Financial & Operational Risks are severe and stem directly from the company's clinical-stage status. CELC has no commercial revenue, reporting $0 in the latest quarter, and is burning cash at an alarming rate with a trailing twelve-month free cash flow of -$153.53 million. Net losses deepened to -$50.97 million in Q4 2025, and while the current ratio of 10.55 provides a liquidity buffer, the debt-to-equity ratio of 1.94 indicates significant leverage. The company's survival and growth are entirely dependent on the success of a single drug candidate, gedatolisib, creating extreme revenue concentration risk. Any delay or failure in clinical trials would immediately threaten its financial viability, forcing further dilutive equity raises or debt issuance.

Market & Competitive Risks are amplified by the stock's speculative valuation and sector dynamics. With a PS ratio of 0 and a trailing PE of -29.6, the $5.24 billion market cap implies flawless execution and blockbuster sales. This leaves the stock vulnerable to severe valuation compression if clinical data is merely good instead of exceptional, or if sector sentiment towards high-risk biotechs sours. The oncology space is intensely competitive, and gedatolisib faces established and emerging therapies for HR+/HER2- breast cancer. Despite a beta of 0.422 suggesting lower-than-market volatility recently, the stock's 1063% annual gain and proximity to its 52-week high make it a prime candidate for profit-taking and heightened volatility around binary events, as seen in recent price swings.

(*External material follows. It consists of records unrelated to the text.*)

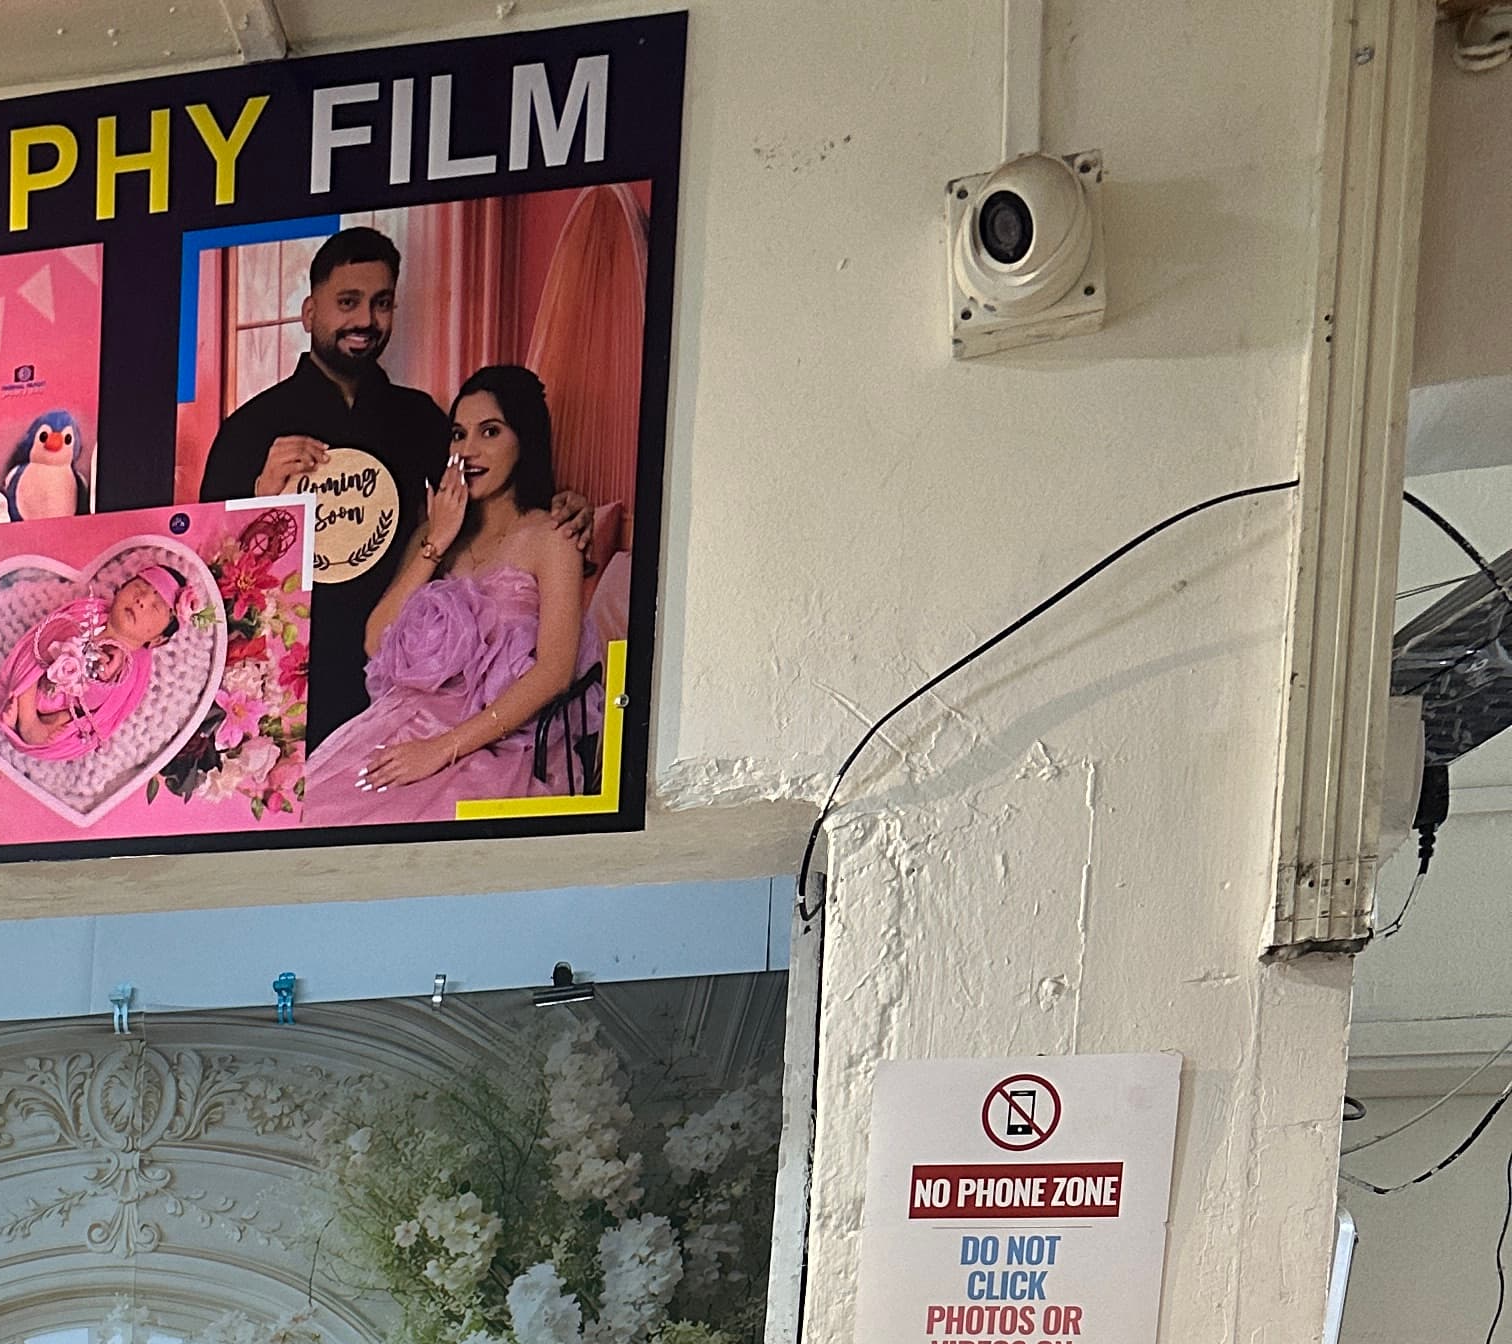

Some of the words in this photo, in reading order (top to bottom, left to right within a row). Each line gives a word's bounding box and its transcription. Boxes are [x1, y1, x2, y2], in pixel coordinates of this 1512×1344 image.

[309, 53, 610, 195] FILM
[314, 503, 365, 532] Soon
[914, 1178, 951, 1208] NO
[956, 1177, 1047, 1208] PHONE
[1050, 1176, 1119, 1207] ZONE
[960, 1236, 1000, 1265] DO
[1006, 1235, 1061, 1265] NOT
[967, 1270, 1048, 1300] CLICK
[926, 1305, 1036, 1336] PHOTOS
[1042, 1305, 1082, 1336] OR
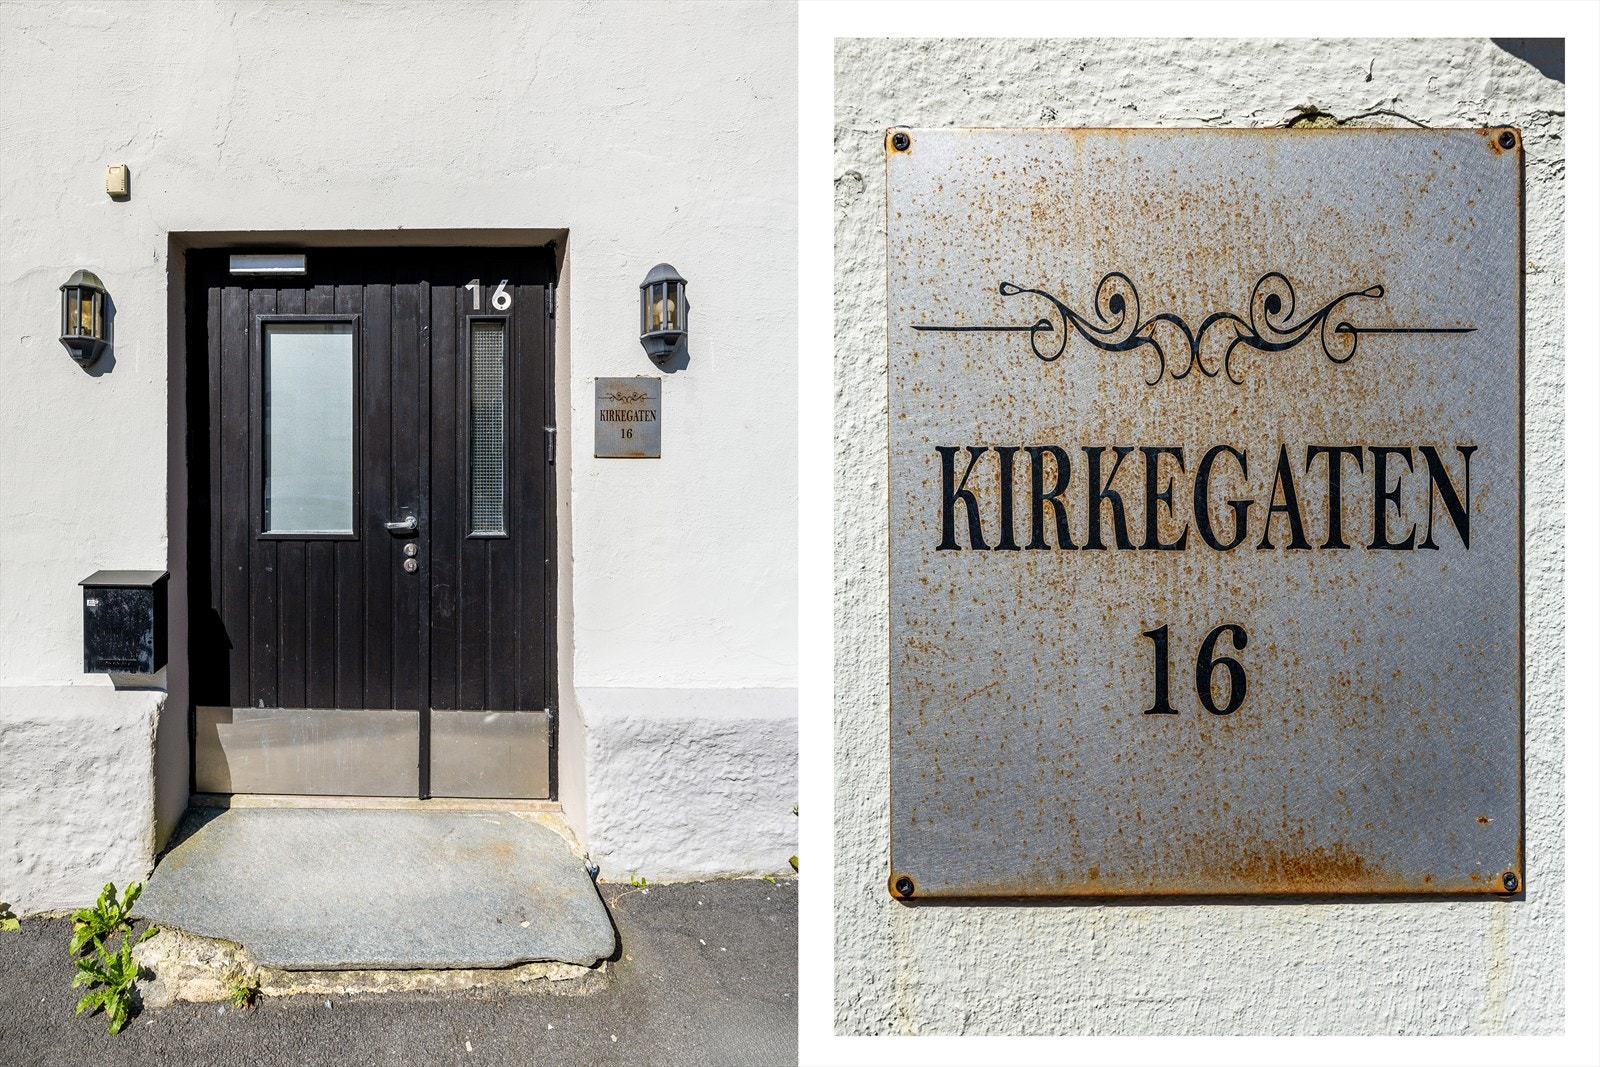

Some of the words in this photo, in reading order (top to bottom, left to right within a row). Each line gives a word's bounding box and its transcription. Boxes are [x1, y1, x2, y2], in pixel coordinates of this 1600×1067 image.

[464, 278, 512, 311] 16
[600, 409, 656, 422] KIRKEGATEN
[621, 428, 633, 439] 16
[935, 443, 1478, 552] KIRKEGATEN
[1143, 623, 1248, 716] 16
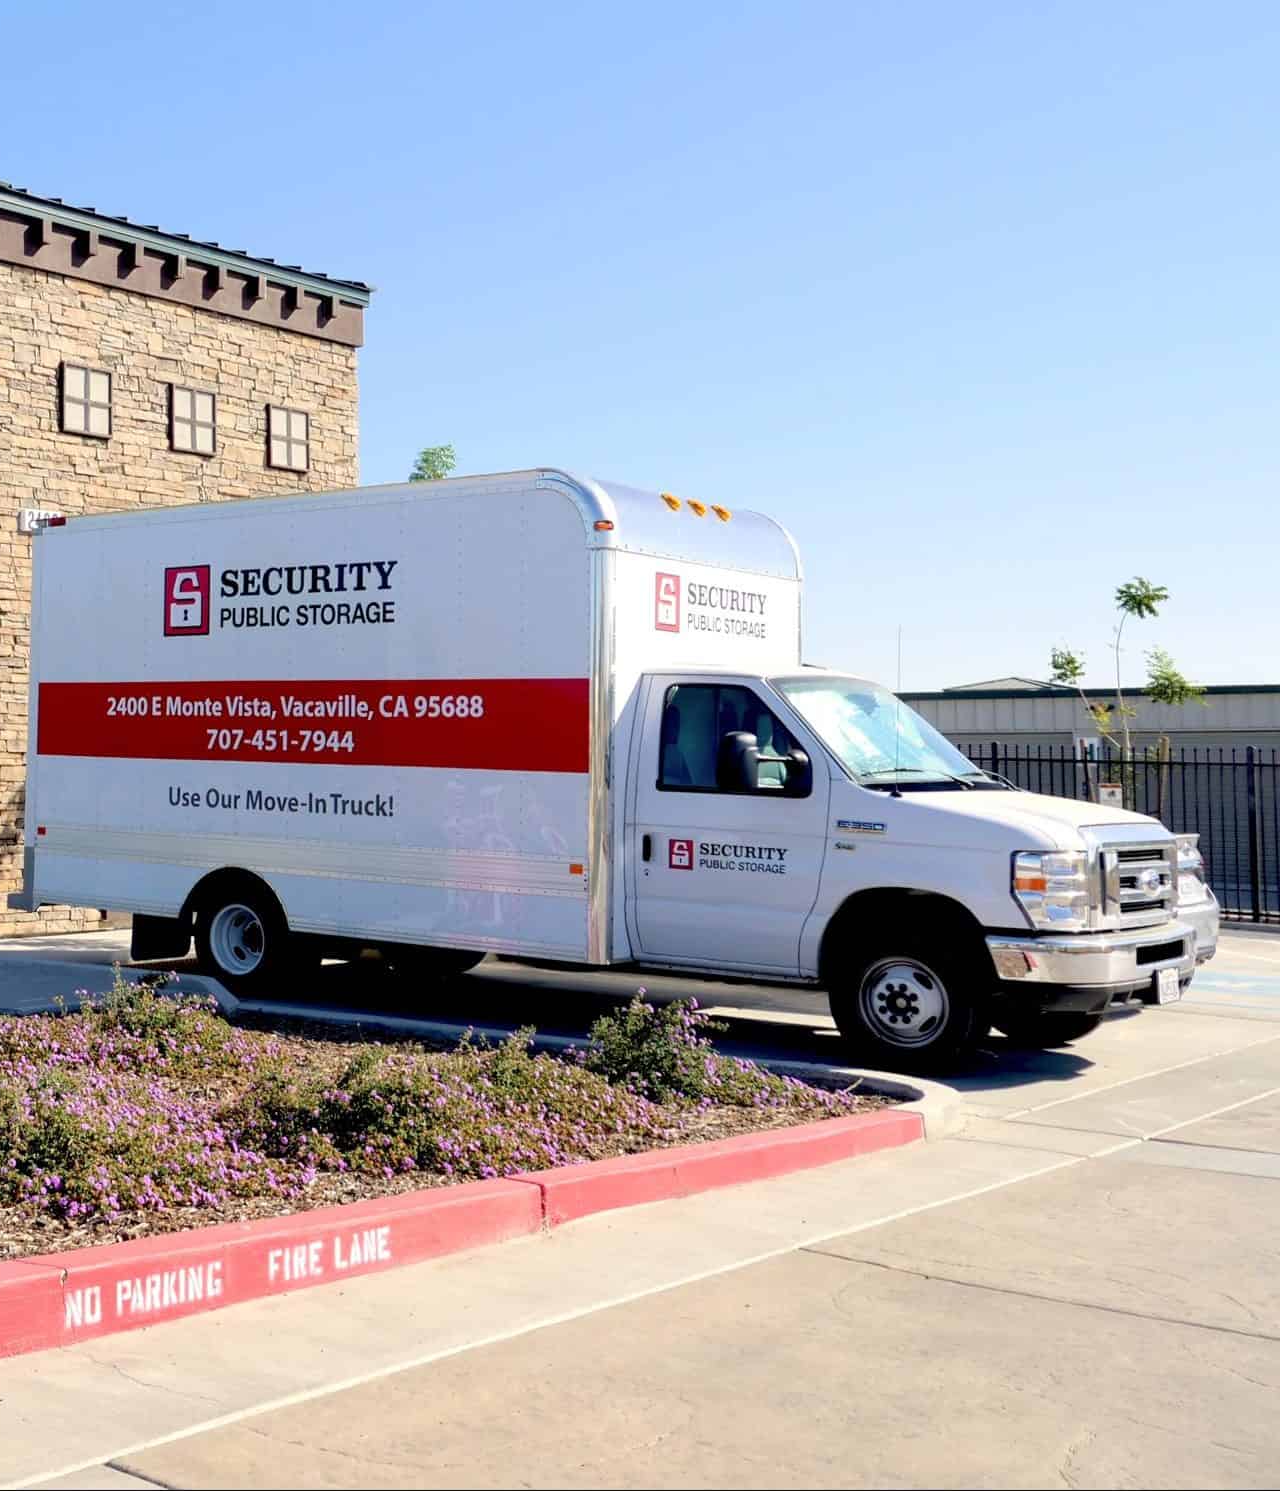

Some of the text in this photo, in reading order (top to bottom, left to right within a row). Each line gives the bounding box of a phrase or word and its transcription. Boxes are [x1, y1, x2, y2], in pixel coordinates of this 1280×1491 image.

[220, 561, 398, 598] SECURITY
[687, 582, 767, 615] SECURITY
[220, 602, 395, 628] PUBLIC STORAGE
[687, 613, 766, 639] PUBLIC STORAGE
[107, 695, 484, 720] 2400 E Monte Vista, Vacaville, CA 95688
[207, 729, 354, 752] 707-451-7944
[169, 786, 394, 817] Use Our Move-In Truck!
[699, 842, 788, 860] SECURITY
[699, 858, 786, 874] PUBLIC STORAGE
[269, 1227, 391, 1281] FIRE LANE
[65, 1261, 224, 1328] NO PARKING
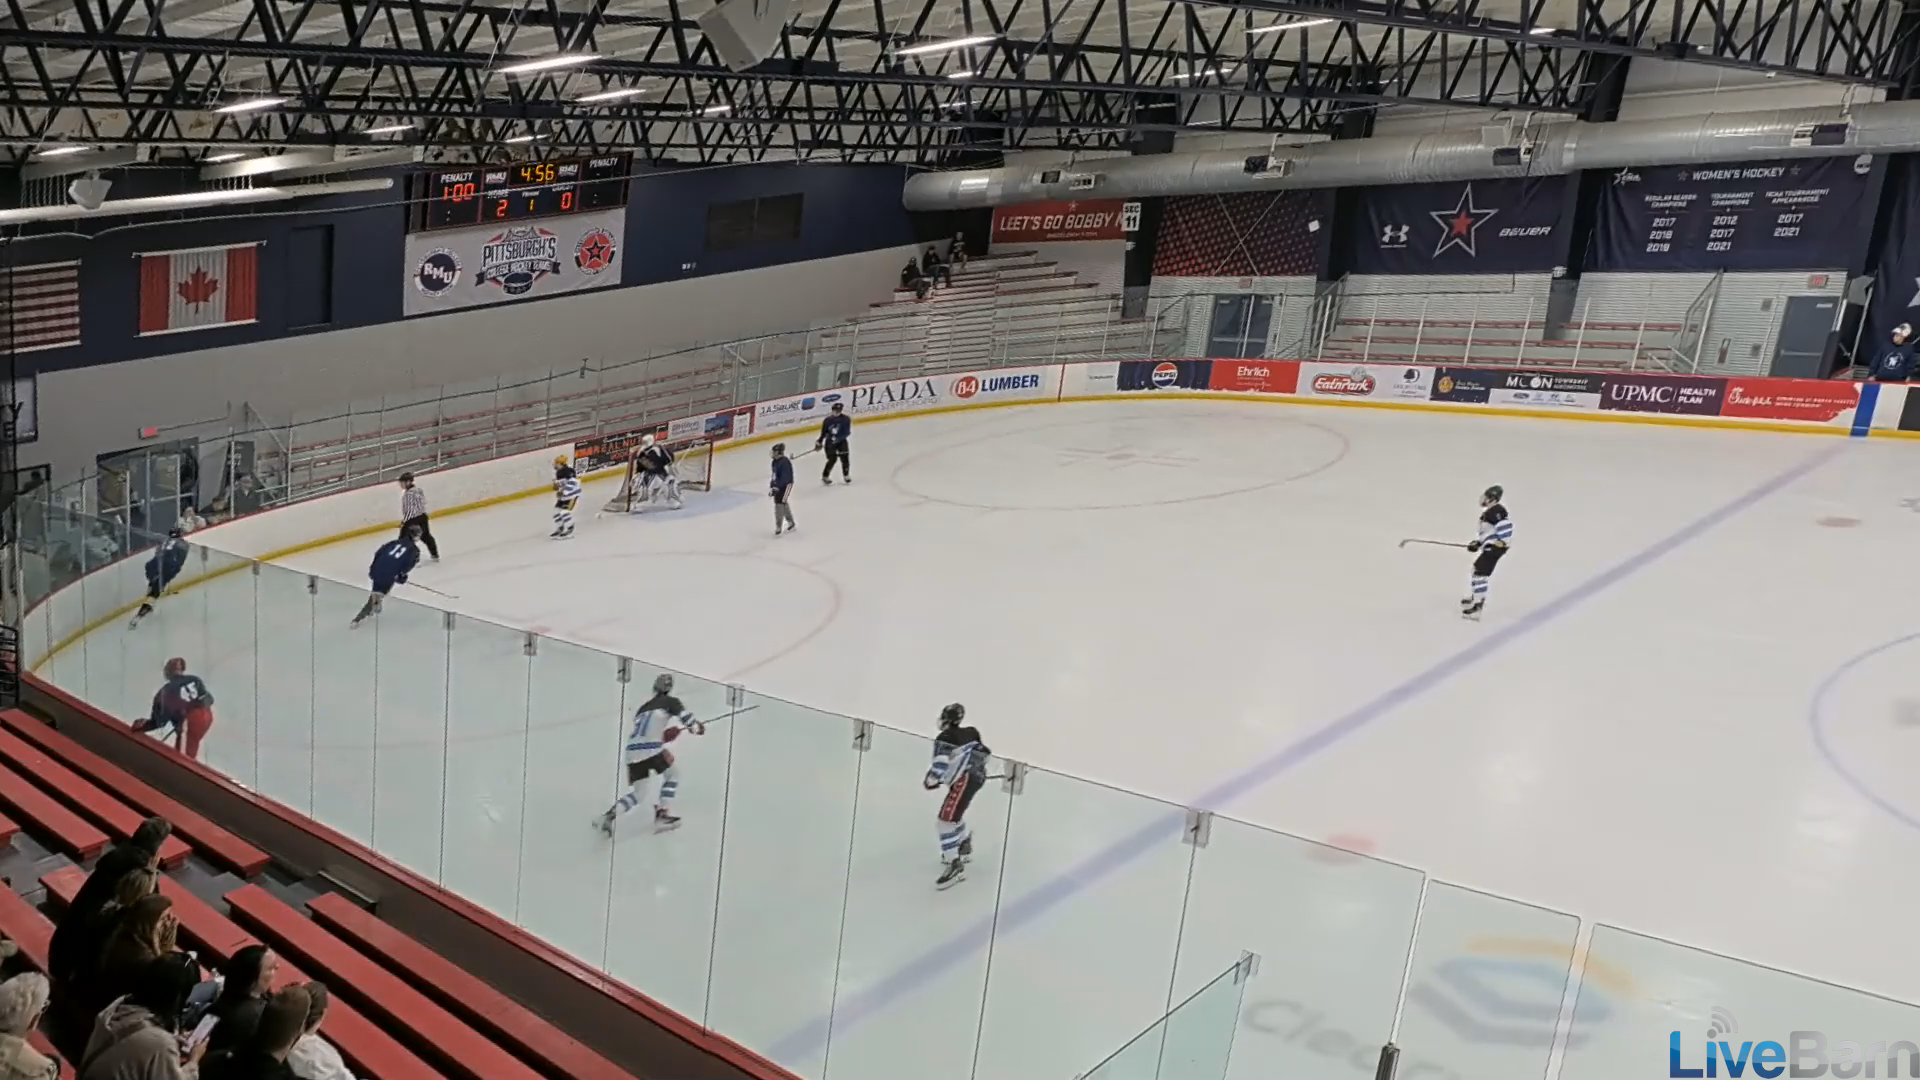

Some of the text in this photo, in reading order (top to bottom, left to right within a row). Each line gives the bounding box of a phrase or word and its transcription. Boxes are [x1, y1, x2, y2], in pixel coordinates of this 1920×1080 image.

Worst-Case Scenario involves a clinical setback for gedatolisib, such as disappointing Phase 3 data or an FDA rejection. This would trigger a collapse in the speculative premium, leading to a rapid unwind of the 1063% annual gain. Institutional investors, who have recently built large positions, would likely exit en masse. The realistic downside could see the stock re-test its fundamental value as a cash-burning R&D entity, potentially falling towards its 52-week low of $9.51. From the current price of $125.65, this represents a catastrophic loss of approximately -92%. A more measured, yet still severe, bear-case target could align with a 70-80% drawdown from current levels, similar to the stock's recent maximum drawdown of -27.68% but on a much larger scale, resulting in a loss of -$88 to -$100 per share.